25M: terremoto en el PSOE y falsa tranquilidad en el PP

Horas después de los resultados electorales de las europeas de este domingo, el partido socialista ha tomado nota de su gran fracaso y ha convocado un Congreso extraordinario, que se celebrará en el mes de julio y su actual dirigente y secretario general, Alfredo Pérez Rubalcaba, ha decidido tirar la toalla y dejar paso a una nueva dirección, y a un nuevo candidato a las elecciones generales del año que viene.

Consciente de su fracaso electoral del pasado domingo, y tras la pérdida de dos millones y medio de votos, y nueve escaños, (el peor resultado de toda la historia del PSOE), Pérez Rubalcaba, el mejor candidato que puede tener el PSOE en estos momentos, aunque está definitivamente quemado, ha decidido este lunes tirar la toalla, convocar un Congreso extraordinario, algo a lo que siempre se había resistido, y optar por unas primarias, con una nueva dirección, y con unos nuevos candidatos, la mayoría de los cuales, en estos momentos, no dan la mínima talla en cuanto a conocimiento, liderazgo y capacidad de movilizar al electorado.

Consciente de su fracaso electoral de este domingo, el actual secretario general del PSOE, que ha aguantado las consecuencias derivadas del Zapaterismo (al fin y al cabo, fue vicepresidente con él, y decidió seguir al frente del partido por consejo de Felipe González ), ha decidido abandonar, en unos momentos en los que muchos le acusaban de agarrarse a un cargo, para el que no hay un sucesor con una biografía y una trayectoria claras, para asumir una responsabilidad, de esa categoría e importancia.

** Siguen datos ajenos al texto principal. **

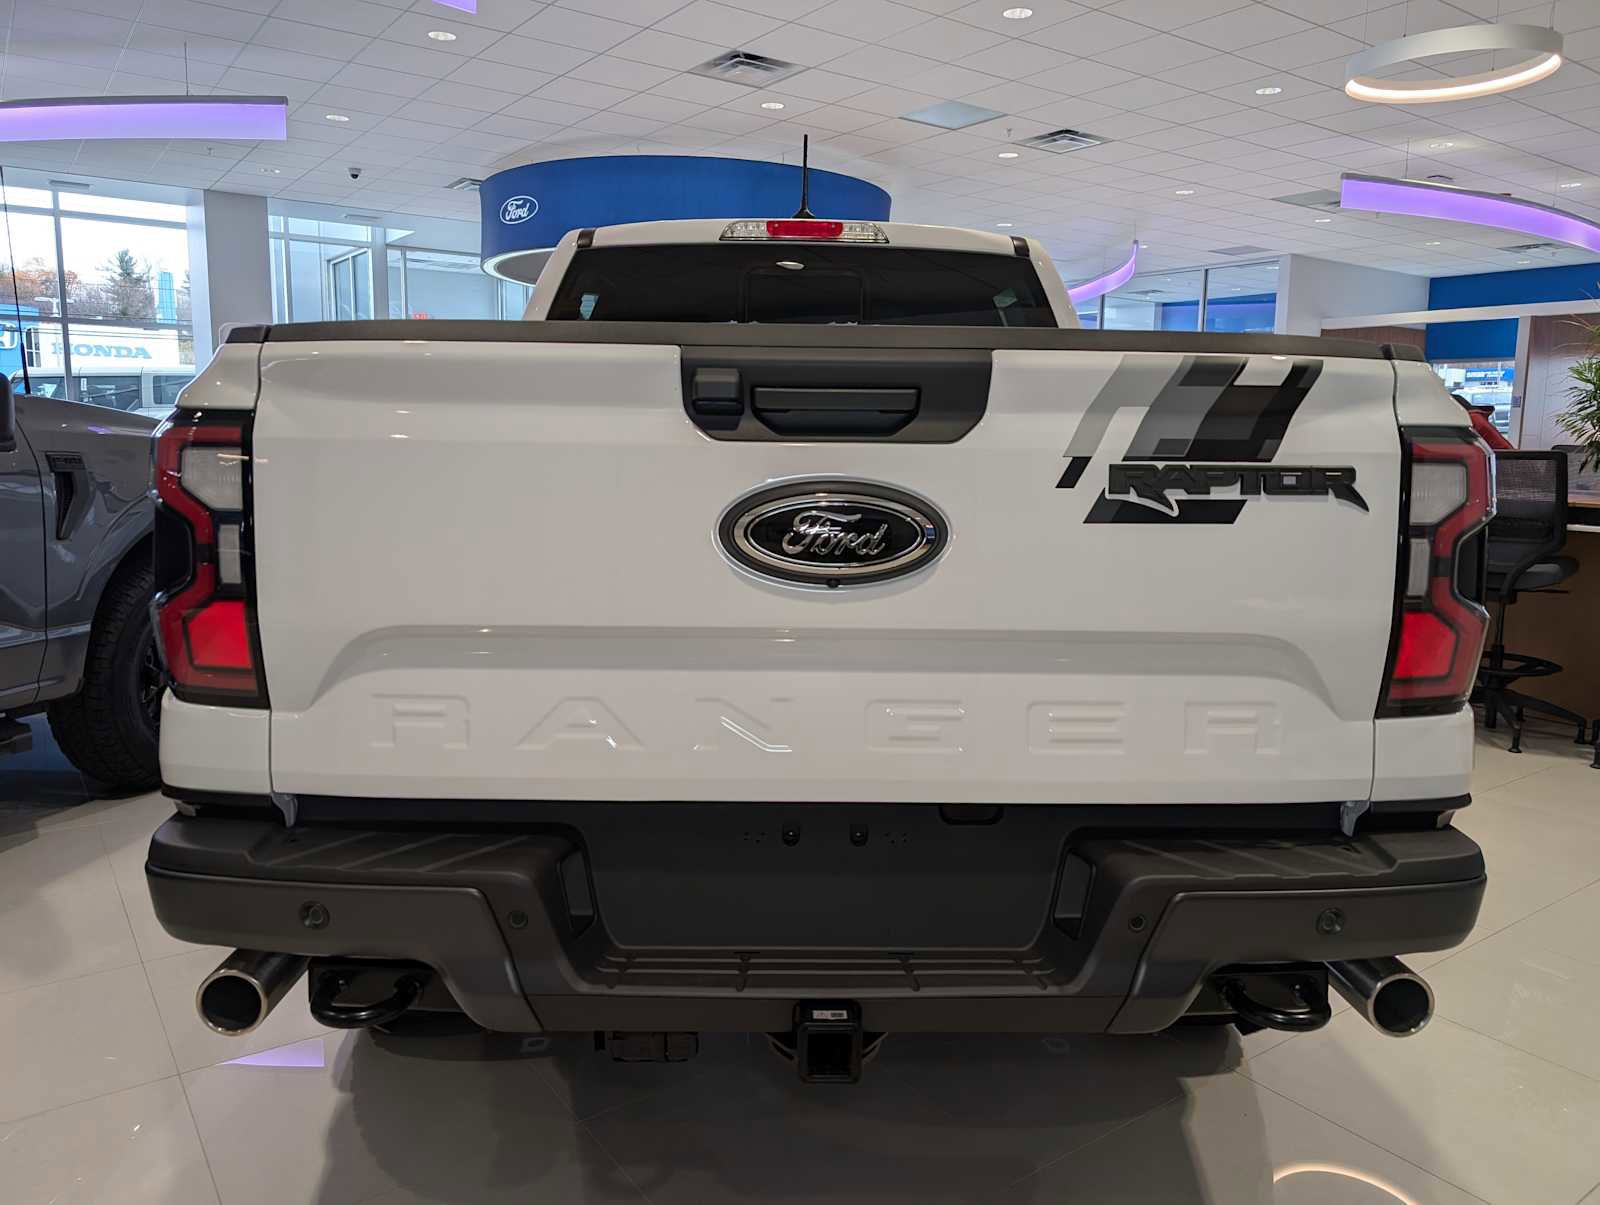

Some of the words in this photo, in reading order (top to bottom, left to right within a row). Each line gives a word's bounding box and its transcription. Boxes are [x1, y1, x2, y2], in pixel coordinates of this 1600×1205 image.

[506, 200, 530, 220] Ford
[1108, 463, 1369, 512] RAPTOR
[782, 510, 888, 555] Ford
[368, 693, 1281, 756] RANGER

Ni Carme Chacón, la ambiciosa ex ministra de Defensa con Zapatero, teledirigida por su marido, el ex secretario de estado de Comunicación, Miguel Barroso, que acaba de volver de Miami, después de un notable paréntesis de descanso en la península de la Florida; ni Patxi López, el lehendakari de transición que quiere saltar al ruedo, sin muchos méritos para ello, ni por supuesto, el joven Eduardo Madina, del que se desconocen sus obras completas, y que durante su permanencia en el grupo parlamentario socialista, ha dejado bastante que desear en cuanto a intervenciones, imaginación, y control, tienen los méritos suficientes para concurrir a unas primarias históricas como las que se anuncian en unos momentos de crisis como los que está viviendo el país, según reflejan los resultados electorales del domingo.

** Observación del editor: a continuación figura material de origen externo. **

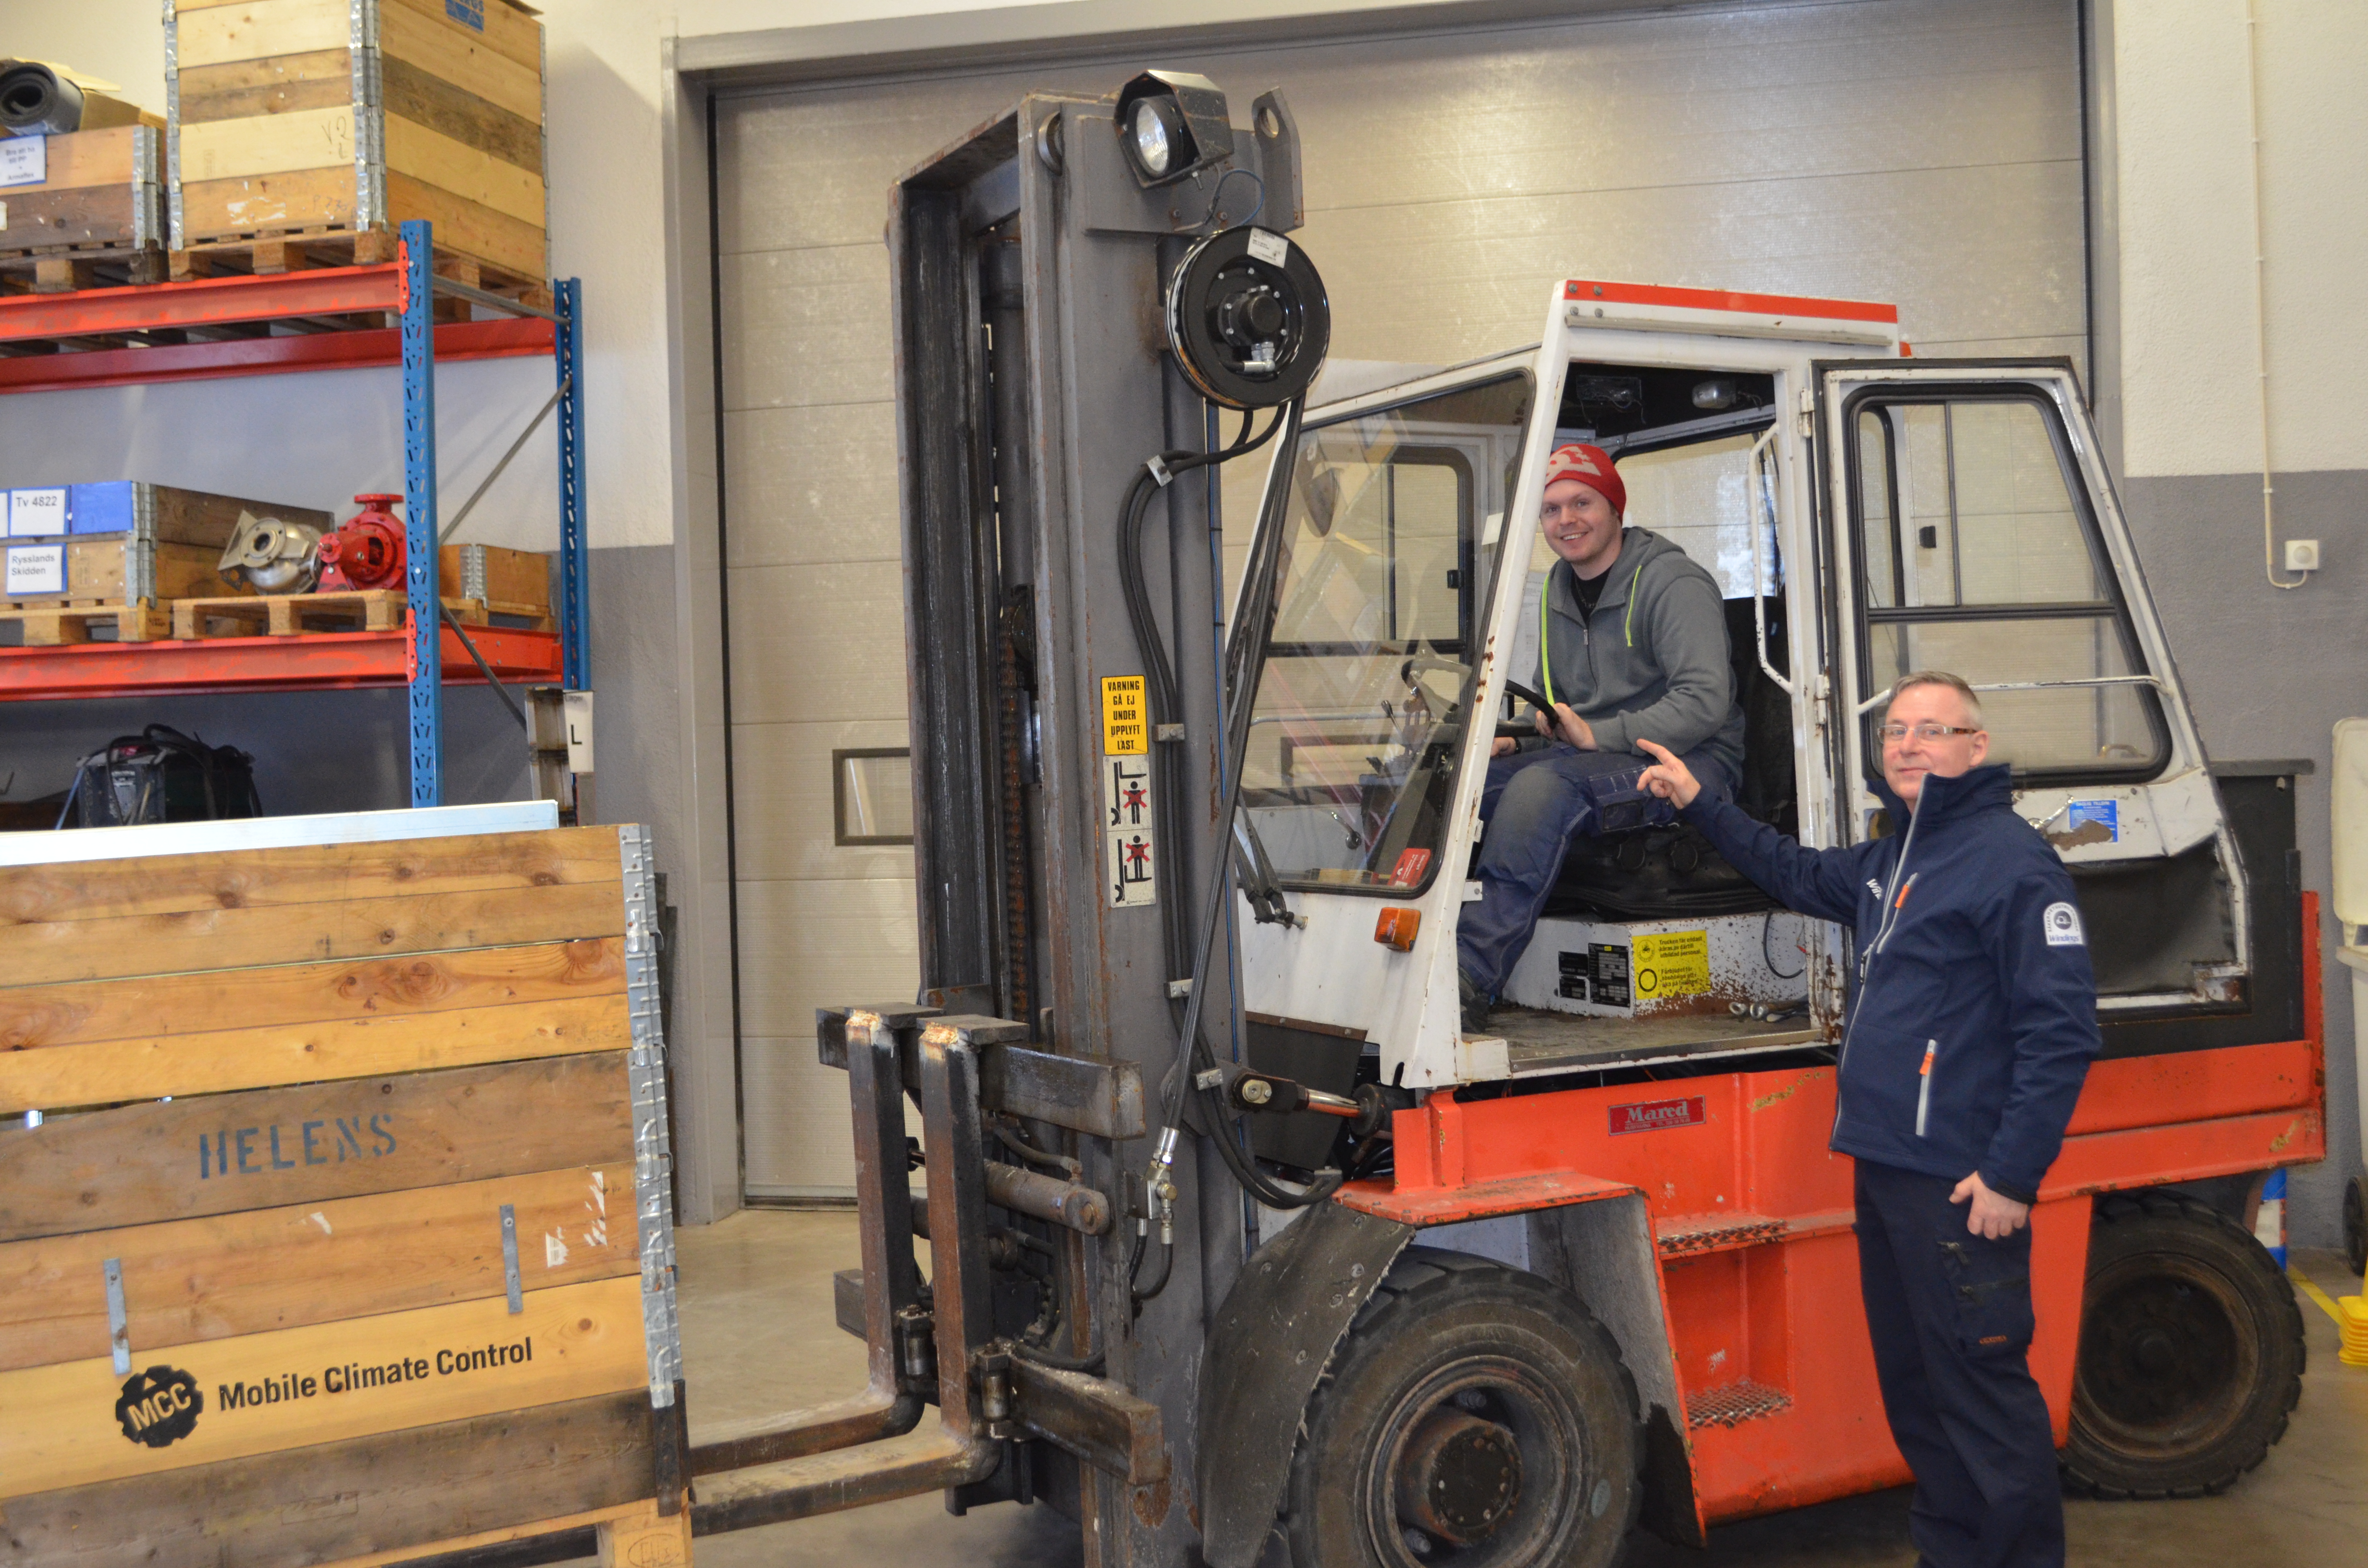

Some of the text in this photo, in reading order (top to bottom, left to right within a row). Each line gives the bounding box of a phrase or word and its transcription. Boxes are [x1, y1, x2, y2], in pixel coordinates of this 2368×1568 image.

[16, 496, 57, 507] Tv 4822
[12, 554, 55, 565] Rysslands
[12, 567, 46, 576] Skidden
[1108, 681, 1140, 691] VARNING
[1113, 694, 1135, 705] GÅ EJ
[1113, 710, 1136, 720] UNDER
[571, 724, 582, 745] L
[1110, 725, 1140, 735] UPPLYFT
[1117, 740, 1134, 750] LAST
[1625, 1101, 1690, 1123] Mared
[199, 1114, 396, 1179] HELENS
[219, 1336, 532, 1411] Mobile Climate Control
[127, 1382, 192, 1431] MCC

Mientras el PP sigue con la falsa cantinela de que ha ganado las elecciones, cuando ha perdido nada más y nada menos, que más de dos millones y medio de votos y ocho escaños (sólo uno menos que el PSOE), el partido socialista ha asumido la gran derrota electoral y ha constatado, que el electorado ha girado a la izquierda y ha coincidido con la candidata, Elena Valenciano en que el resultado es insuficiente para el Partido Socialista, que se ha hundido en todas las autonomías, salvo en Andalucía, Asturias, y Extremadura.

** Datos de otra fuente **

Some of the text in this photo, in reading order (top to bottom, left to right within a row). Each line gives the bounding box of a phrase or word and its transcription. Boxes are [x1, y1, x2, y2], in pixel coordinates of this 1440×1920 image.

Hasta la llegada del Congreso del mes de  julio, Rubalcaba ha dicho que seguirá en su puesto y que mientras sea secretario general seguirá ejerciendo como tal “hasta que el partido decida quién le sustituye”. “Sobre mi futuro personal, tiempo habrá de hablar de ello”, ha destacado. Por cierto, ha dicho, seguirá ejerciendo como líder de la oposición en el Congreso y seguirá interpelando al Presidente del Gobierno en las sesiones de control. Por lo tanto, también pilotará el proceso del Congreso hasta que sea elegido su sustituto. Rubalcaba se ha negado a precisar si abandonará la política activa tras el Congreso de julio.

Pérez Rubalcaba cree que, lo que reflejan los resultados de este domingo es la crisis social, territorial y política del país. Por lo que respecta a esta última, ha asegurado que se trata de una crisis que afecta a los dos grandes partidos y ha lanzado al PP el mensaje de que “haría mal” si no lee los resultados en esa clave. “Nosotros tomamos nota”, ha señalado el líder socialista, algo en lo que parece que no tiene el mínimo interés el PP, convencido de que ha ganado unas elecciones en las que el electorado no sólo le ha dado un notable voto de castigo, sino que ha puesto en duda todos esos mensajes de recuperación económica y de crecimiento, como final de la crisis.

De cualquier forma, después de esa primera reacción del PSOE, se espera la del PP, porque no pueden seguir diciendo que han ganado, después de los resultados del pasado domingo… Y algo más tendrán que decir… y hacer.